— Сколько вы предлагаете? — Оливия дернула Эдварда за полу пиджака.
— Нет, спасибо. — Эдвард сжал медальон в ладони. — Предпочитаю оставить его у себя. Это память.
— Понимаю. Но если передумаете, я всегда в вашем распоряжении. Наверное, я не сентиментален. — И он поспешил откланяться, сославшись на то, что аукционист объявил интересующий его предмет.
Оливия схватила Эдварда за руку:
— Эдвард, продай его! Это отличный шанс. Продай сейчас же, прошу тебя!
— Но, Оливия, ты с ума сошла! И не подумаю!
— Послушай меня! Избавься от него как можно скорее. — Голос Оливии дрожал. — Ты слышал, что сказал Баренго?
— А что особенного он сказал? — Эдвард начал терять терпение.
— Иларио Брандани! Он был не только ювелиром. Он был магом, некромантом… Чем-то вроде колдуна, который вызывал души усопших. И все вещи, изготовленные им, прокляты.
Эдвард раскрыл ладонь. В глазах совы блеснул отраженный свет люстр.
Баренго вернулся в обществе изысканно одетого молодого человека.
— Позвольте. — Антиквар вновь взял у Эдварда медальон.
— Посмотрите, граф, это медальон Брандани. «Человек, который не может умереть» — так называл его Фридрих Великий. — Баренго не скрывал восторга и блистал эрудицией. — В восемнадцатом веке Брандани был знаменит почти так же, как Месмер и Калиостро.
Молодой граф кивал с умным видом.
— Человек, который не может умереть… — многозначительно повторил он вслед за Баренго.
— Ну да, говорили, будто он владел секретом вечной молодости. А еще уверяли, что он живет каждую следующую жизнь в чужом теле и что это покойник, вернувшийся с того света, и потому для него открыты тайны потустороннего мира.
— После него осталось много работ? — поинтересовался Эдвард.
— Ну, известны его медальоны, браслеты, рукояти шпаг, кое-какие музыкальные инструменты… Да, еще часы. Но их теперь уже почти не найти.
При слове «часы» Эдвард насторожился.
— Часы… А сова на медальоне имеет какой-нибудь смысл?

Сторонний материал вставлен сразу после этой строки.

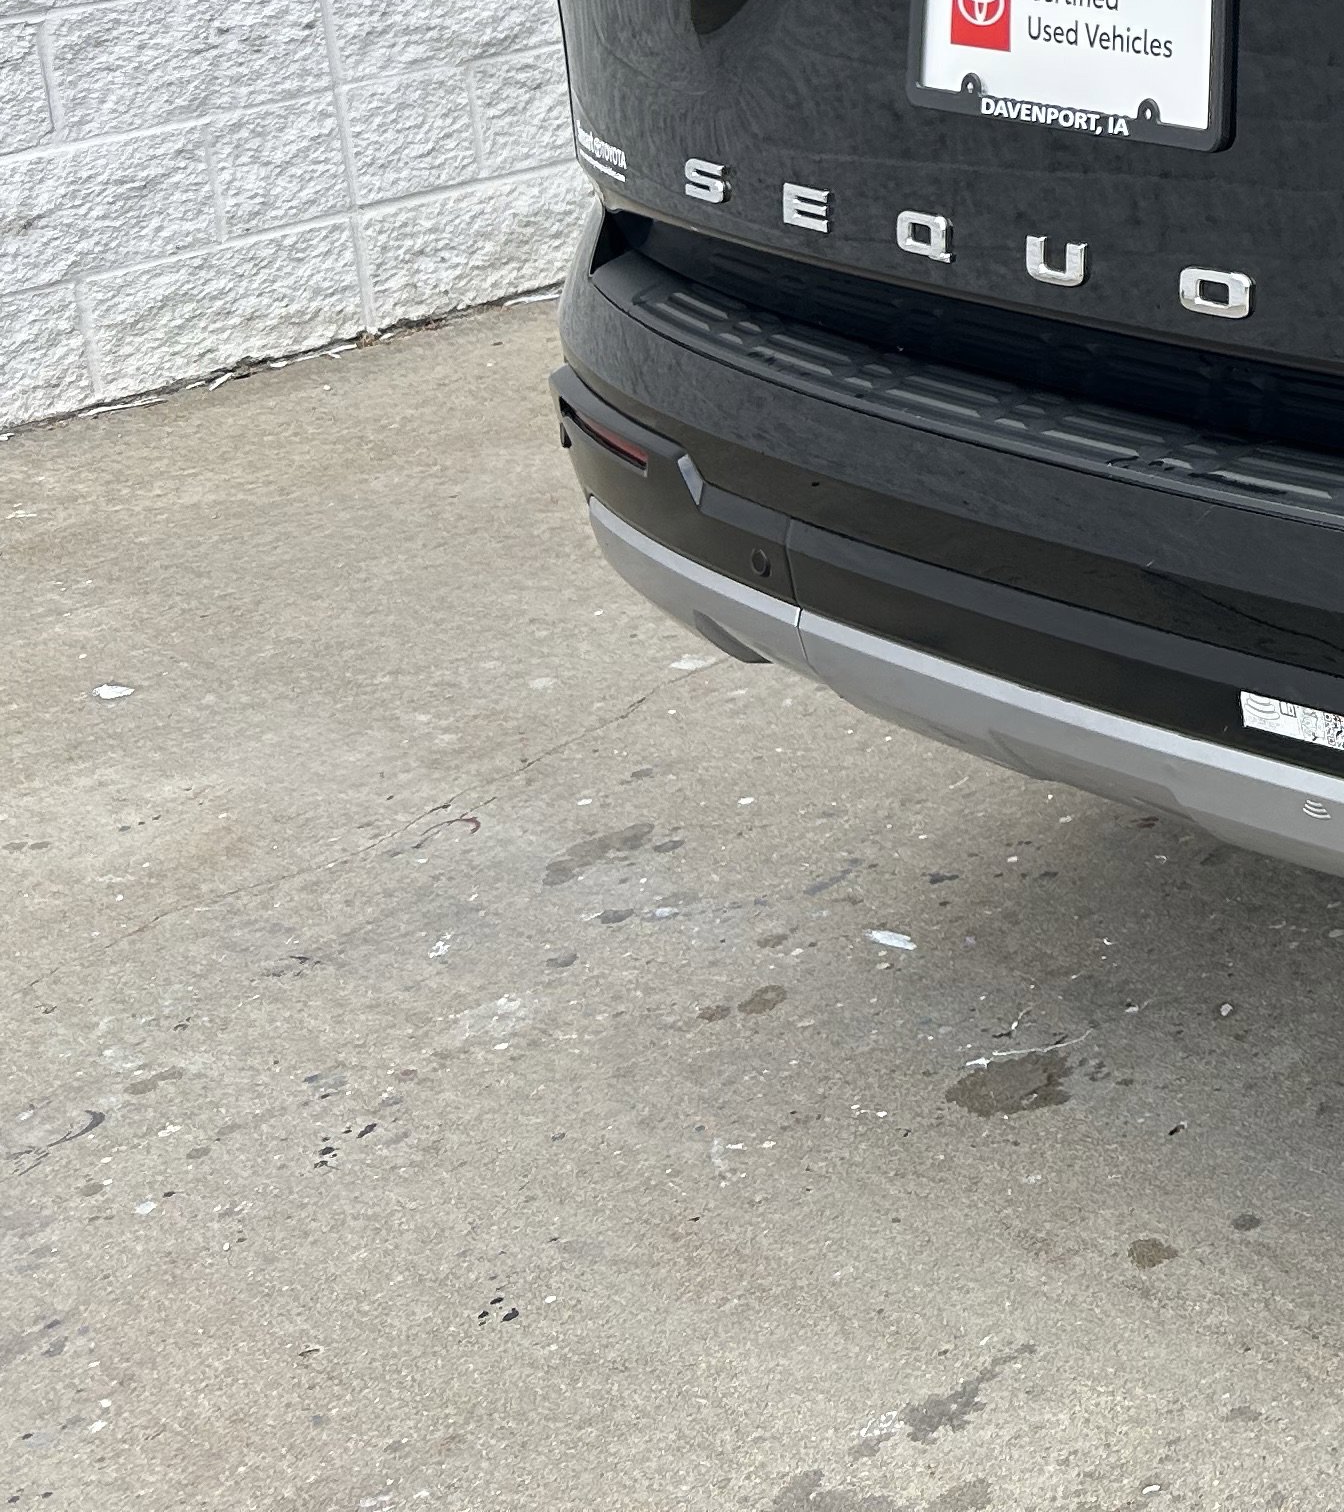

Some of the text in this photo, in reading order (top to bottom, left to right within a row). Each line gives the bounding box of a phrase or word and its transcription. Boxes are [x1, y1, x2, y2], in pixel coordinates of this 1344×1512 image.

[1028, 15, 1173, 59] Used Vehicles
[980, 97, 1130, 137] DAVENPORT, IA

— Сова была изображена на печатке герцогов Борджиа. — Баренго заливался соловьем. — Здесь, в Риме, люди суеверны. Они верят, будто сова приносит несчастье. Однако самому Брандани она и впрямь принесла беду.
Оливия побледнела и схватила Эдварда за руку.

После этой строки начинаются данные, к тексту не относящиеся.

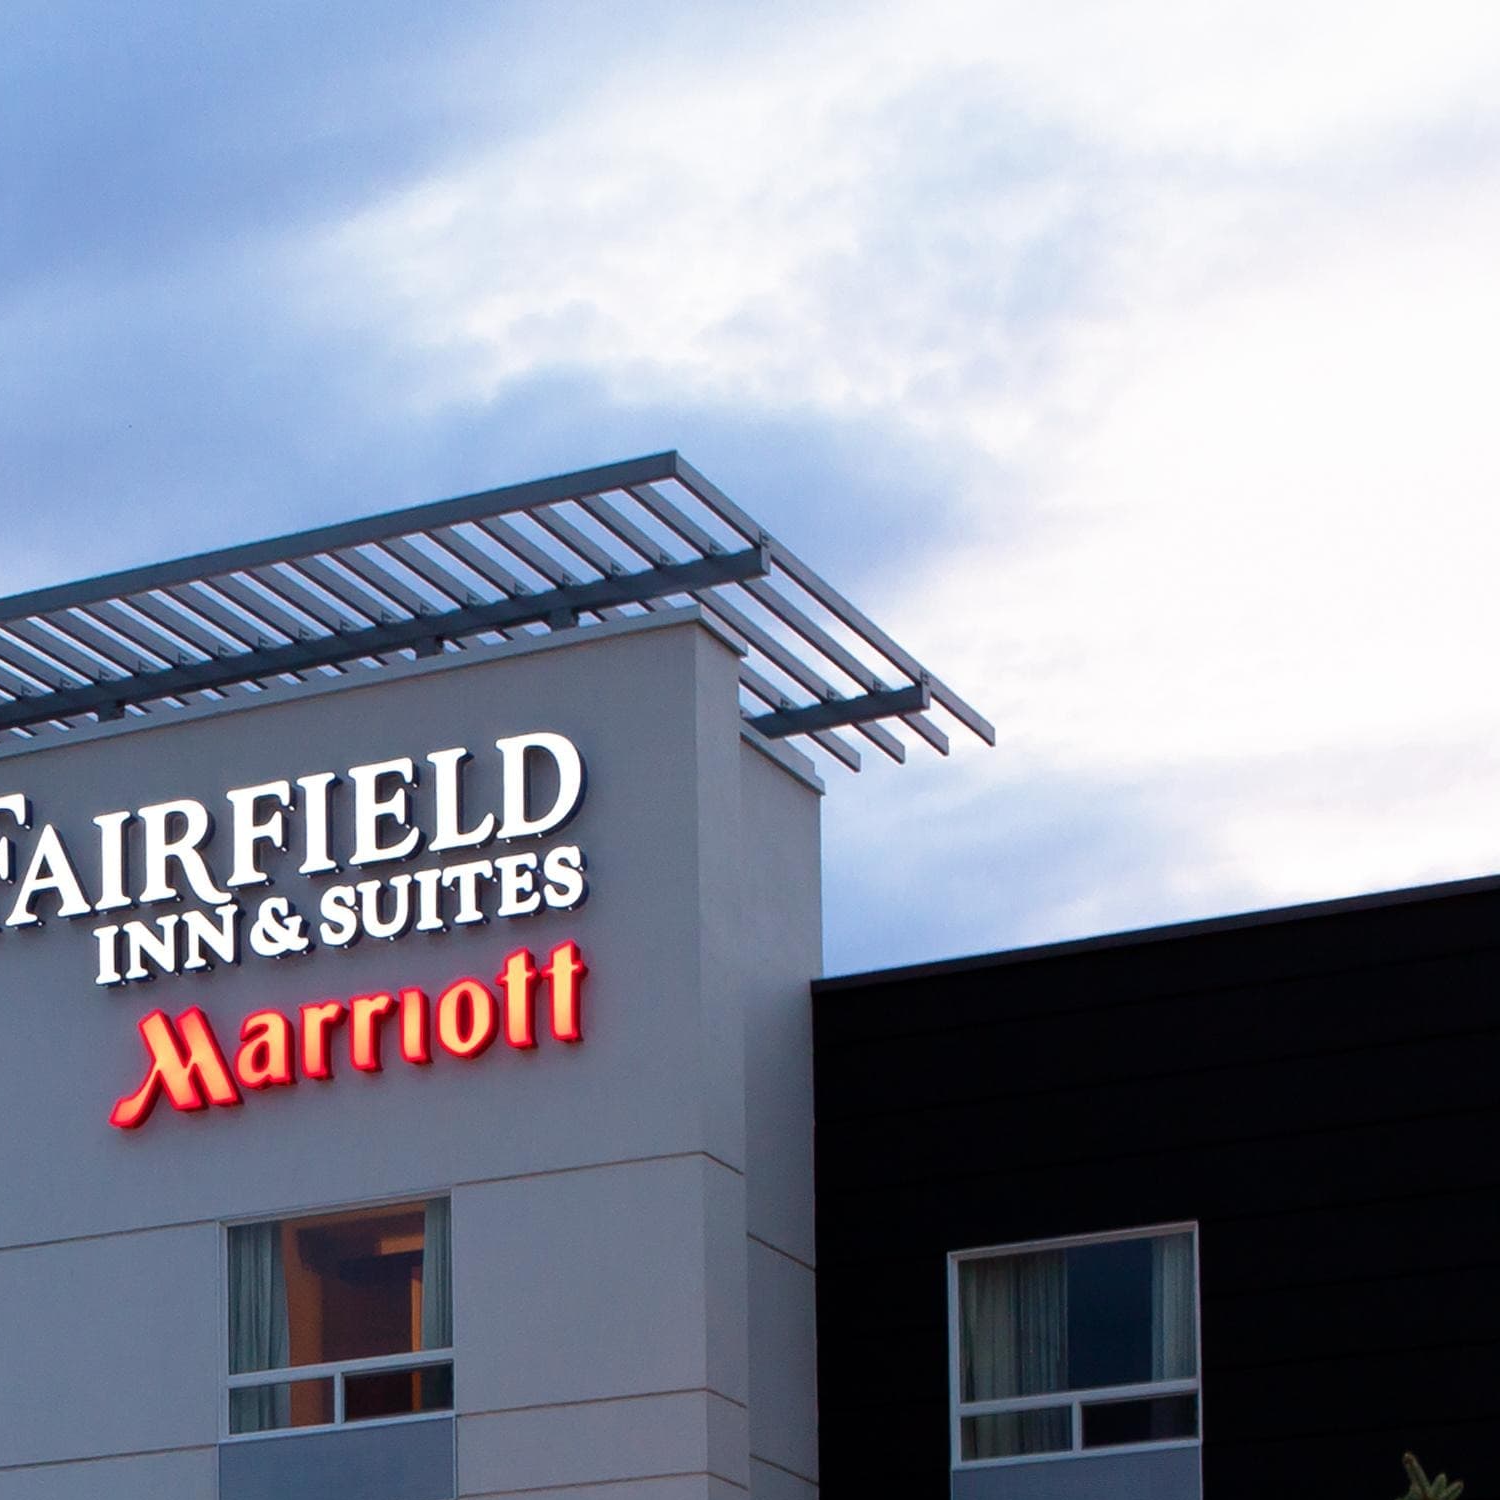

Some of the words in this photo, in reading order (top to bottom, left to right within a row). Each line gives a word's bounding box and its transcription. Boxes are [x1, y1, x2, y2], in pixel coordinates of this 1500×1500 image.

— Какую же беду принесла эта птица?
Баренго снисходительно улыбнулся:
— А он, видите ли, несмотря на репутацию бессмертного человека, скончался при таинственных обстоятельствах. Тридцати семи лет от роду.
— Тридцати семи лет? — воскликнула Оливия и повернулась в Эдварду.

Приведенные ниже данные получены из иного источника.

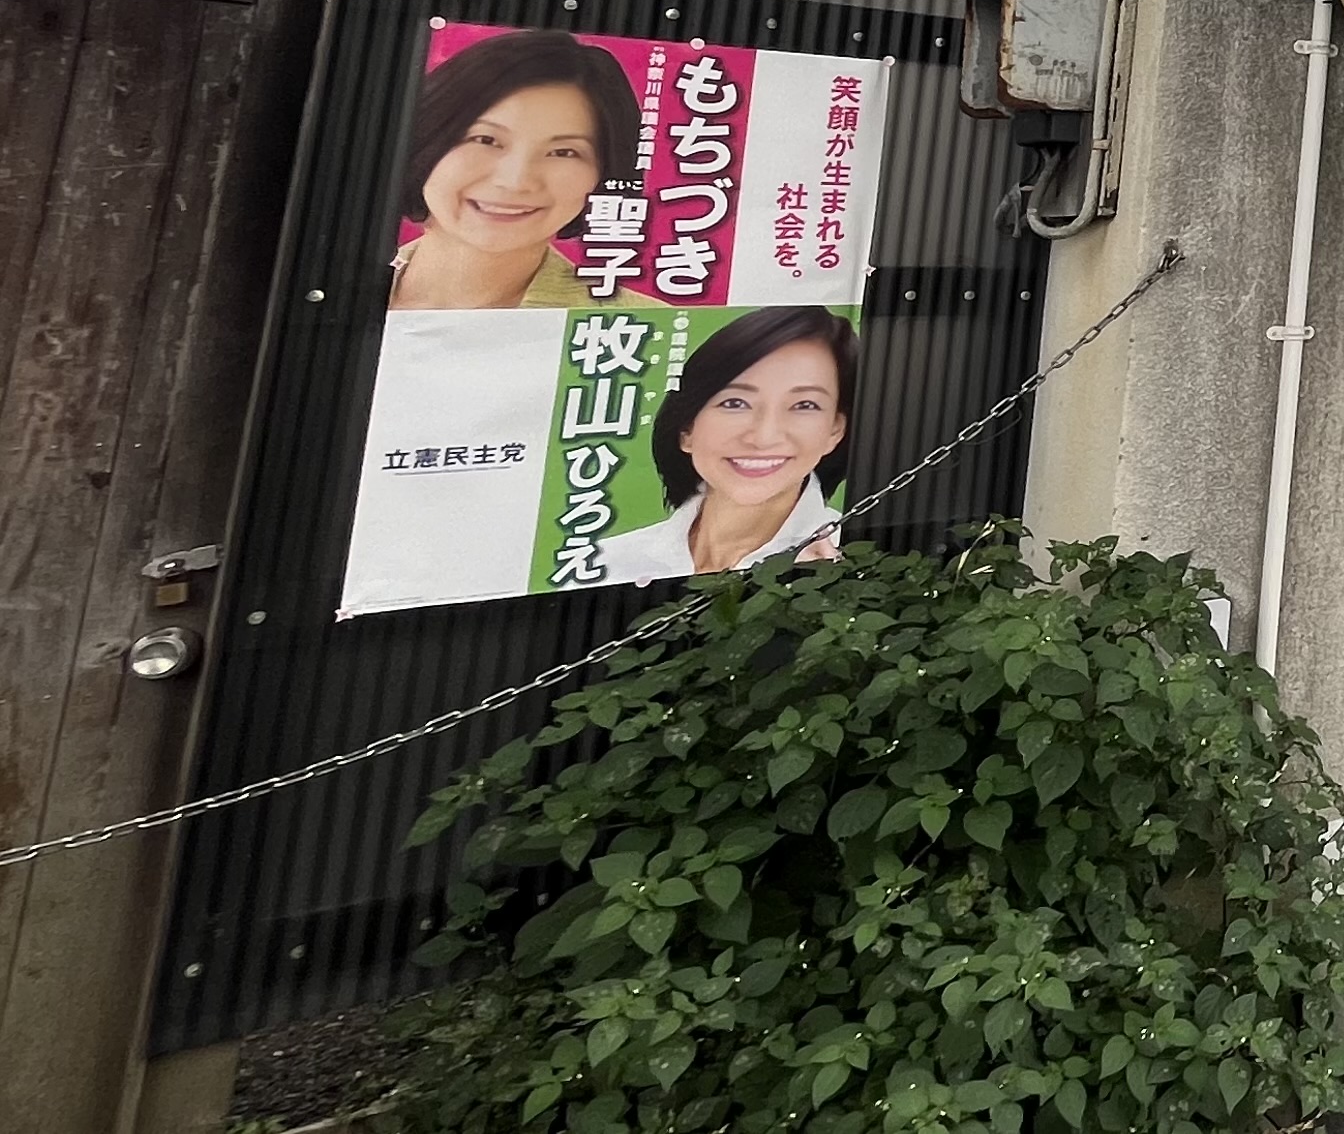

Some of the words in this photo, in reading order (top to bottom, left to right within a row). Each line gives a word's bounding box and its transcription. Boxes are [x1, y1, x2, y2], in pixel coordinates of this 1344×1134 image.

[604, 179, 644, 191] せいこ
[655, 56, 738, 296] もちづき
[815, 75, 863, 269] 笑顔が生まれる
[577, 194, 649, 298] 聖子
[774, 183, 809, 280] 社会を。
[382, 442, 526, 470] 立憲民主党
[551, 316, 649, 584] 牧山ひろえ
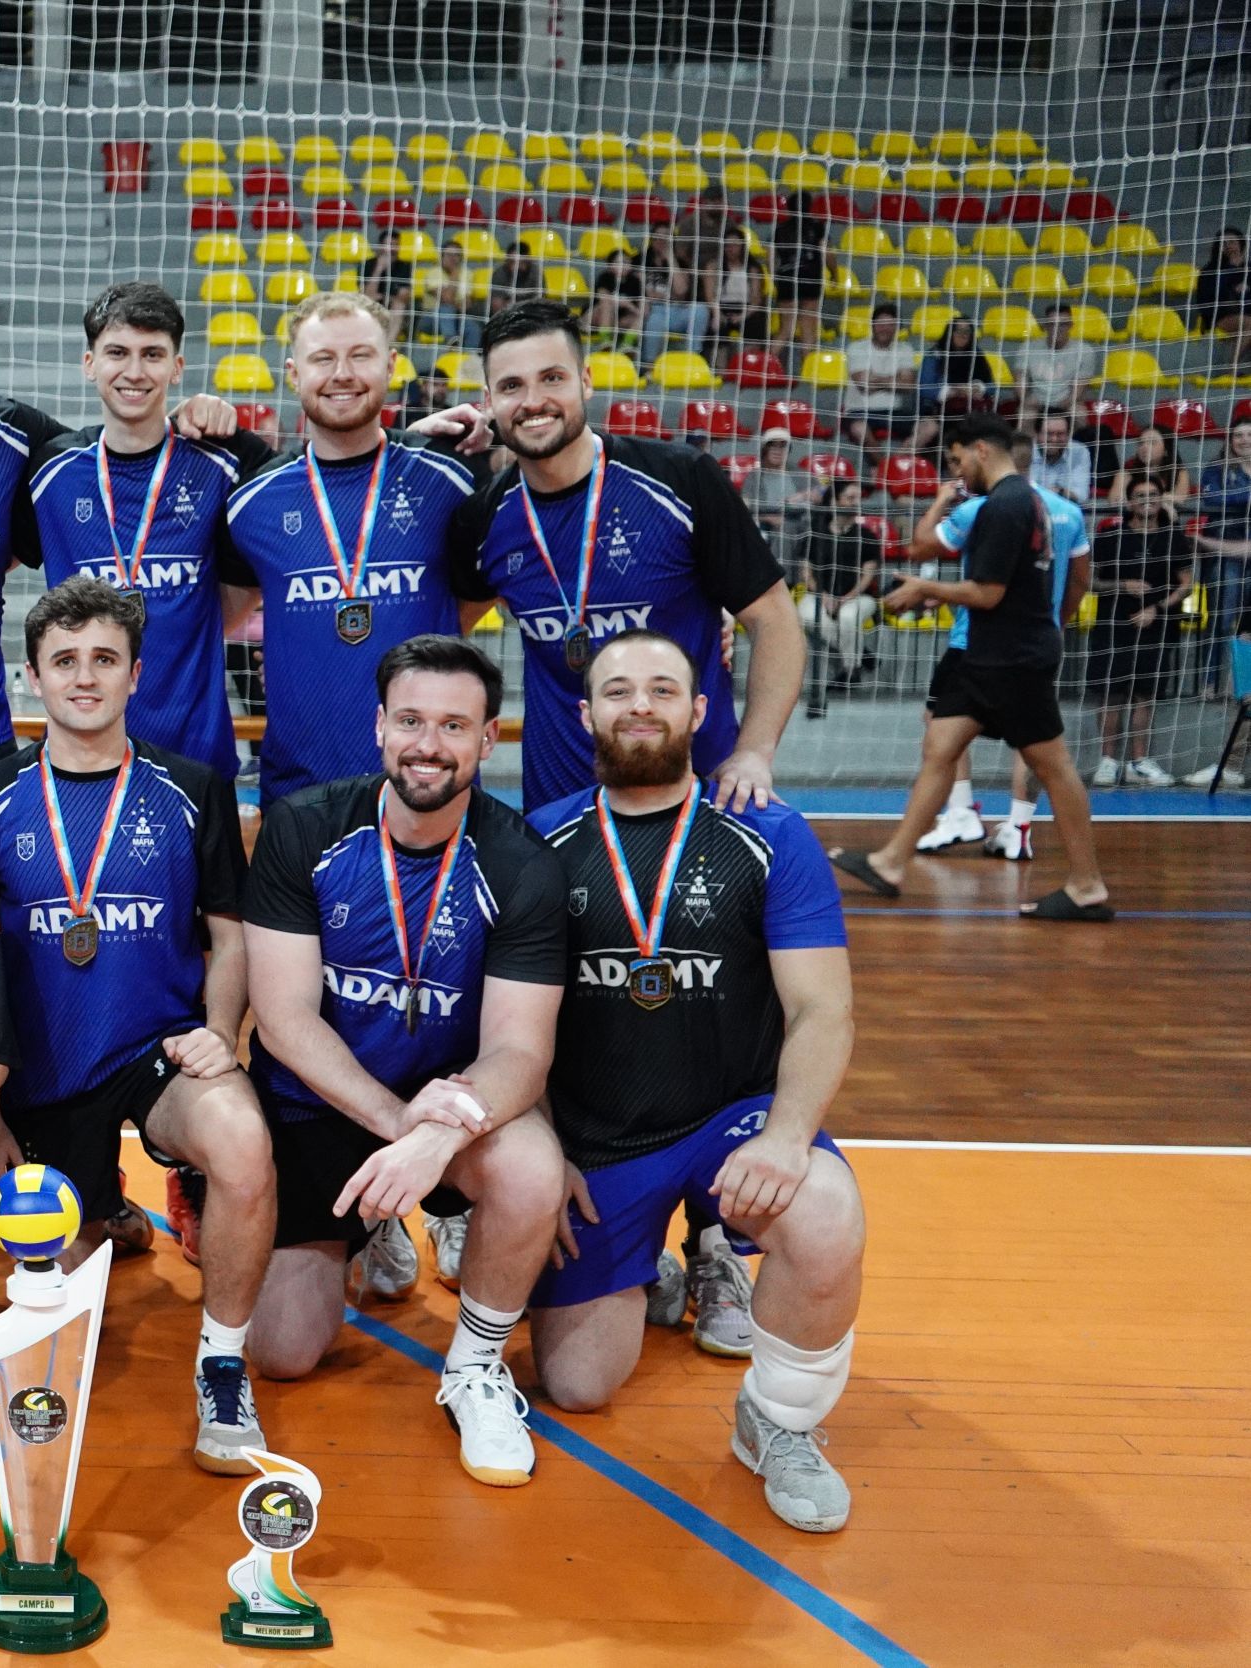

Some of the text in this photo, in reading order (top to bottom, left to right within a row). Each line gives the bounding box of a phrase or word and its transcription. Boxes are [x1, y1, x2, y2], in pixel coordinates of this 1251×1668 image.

[518, 605, 653, 642] ADMY
[578, 958, 724, 990] ADMY
[18, 1598, 55, 1609] CAMPEÃO
[255, 1627, 281, 1636] MELHOR

— Он родился в 1734 году, — уточнил Баренго, — тридцать первого марта 1734 года. И скончался он тоже тридцать первого марта, но 1771 года. Ровно двести лет назад.
* * *
У стойки портье в холле гостиницы «Гальба» стояли, переговариваясь между собой, несколько человек. Эдвард, мрачный и усталый, не имея сил ждать, прямо через их головы попросил у портье ключ от своего номера.
Направляясь к лестнице, он услышал голос синьоры Джаннелли:
— Профессор Форстер! Вы сегодня ночью немало рисковали, разгуливая по городу без паспорта. — Она с улыбкой протянула Эдварду документ. — Спокойной ночи, профессор. — Она прошла в комнату за стойкой портье, села за письменный стол и принялась изучать какие-то бумаги.
В дверях появился Эдвард. Джаннелли вопросительно подняла глаза.
— Синьора Джаннелли…
— Да?
— Вы уверены, что не знаете никакой Лючии?
— Абсолютно, профессор. Ведь мы уже говорили об этом.
— Светловолосая девушка с очень бледным лицом.
— Я не знаю этой девушки. Простите, но мне непонятна ваша настойчивость.
И, дабы подчеркнуть, что ей больше нечего добавить, синьора Джаннелли надела очки и обратилась к своим бумагам.
Эдвард был совершенно разбит. Он закрыл за собой дверь номера и только тогда почувствовал, что может расслабиться. Сняв пиджак и галстук, он положил нежно сверкнувший медальон на журнальный столик и сам опустился в кресло рядом. Что же происходит? Кто обманывает его и с какой целью? Совпадения… Можно и так сказать. Только что-то их оказывается слишком много. Ну а факты? Каковы факты?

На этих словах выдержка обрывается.